Je ne suis roy ni duc, prince ni comte aussi,
Je suis le sire de Coucy.

» Voyons, parle !

— Oh ! oui, j’aurais voulu voir, chemin faisant la manufacture…

— De Saint-Gobain ? Ce n’est pas si aisé que cela ! Il faut pour être admis à la visiter, de hautes recommandations. Qu’il te suffise de savoir qu’à sa fondation, elle n’avait pas le droit, cette manufacture si hardie actuellement, de faire des glaces de plus de soixante pouces de long sur quarante. Aujourd’hui elle coule plus de deux cent mille mètres carrés de glaces par an ; et quelles dimensions quand elle veut ! Quant au château de Couçy, nous n’en passerons pas loin ; nous le laisserons sur notre gauche, au sommet de sa colline escarpée, un peu après Laon. Il y a là assurément de magnifiques débris. Les gens experts estiment que c’est la plus belle construction militaire qui existe en Europe. La grosse tour a près de trois cents pieds de hauteur. C’est une merveille de solidité. Mazarin craignant d’y voir se réfugier les derniers Frondeurs, ordonna de la détruire. Mais la vaillante tour résista à toutes les explosions de mines ; elle resta debout avec une balafre qui la sillonne de haut en bas. Le château de Coucy appartient à l’État, qui y a fait exécuter sous la direction d’un très habile architecte, M. Viollet-le-Duc, de grands travaux de déblayement et de consolidation.
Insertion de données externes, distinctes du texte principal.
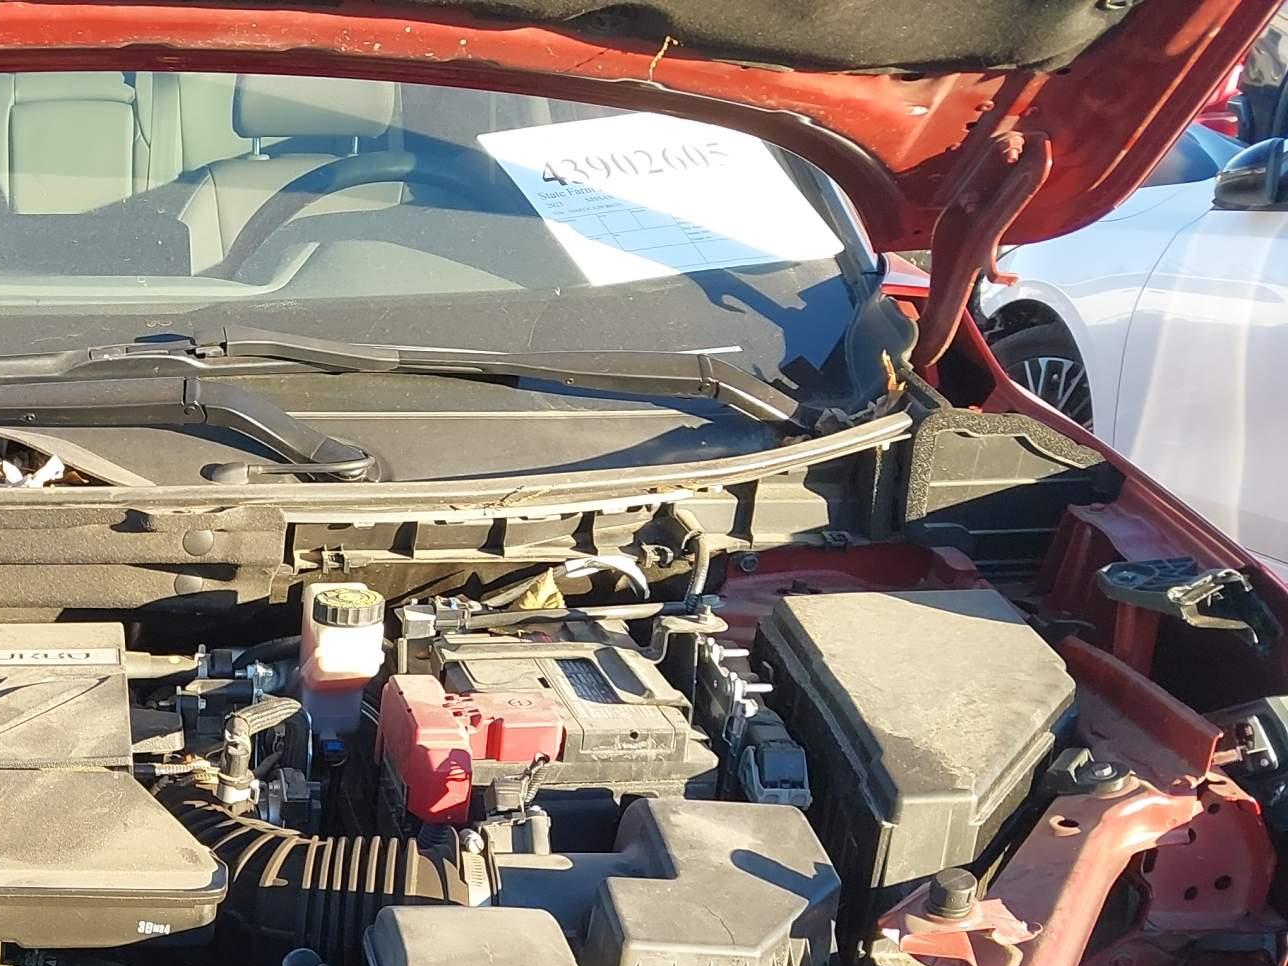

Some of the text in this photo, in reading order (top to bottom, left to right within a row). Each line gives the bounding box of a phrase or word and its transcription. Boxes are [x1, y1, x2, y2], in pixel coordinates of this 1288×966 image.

[542, 142, 728, 186] 43902605
[537, 186, 596, 201] State Farm
— Eh bien ! dit Jean, je me contenterai de ce que vous m’apprenez et je verrai le château de Coucy en imagination. Mais vous parliez tantôt de certaine gracieuseté. N’avez-vous pas changé d’idée ?

— Non, au contraire, mon cher Jean, je m’y accoutume. Ce projet me plaît de minute en minute davantage.

— Quel projet ?

— Mon projet… Seulement j’y mettrai une condition : tu laisseras ta balle…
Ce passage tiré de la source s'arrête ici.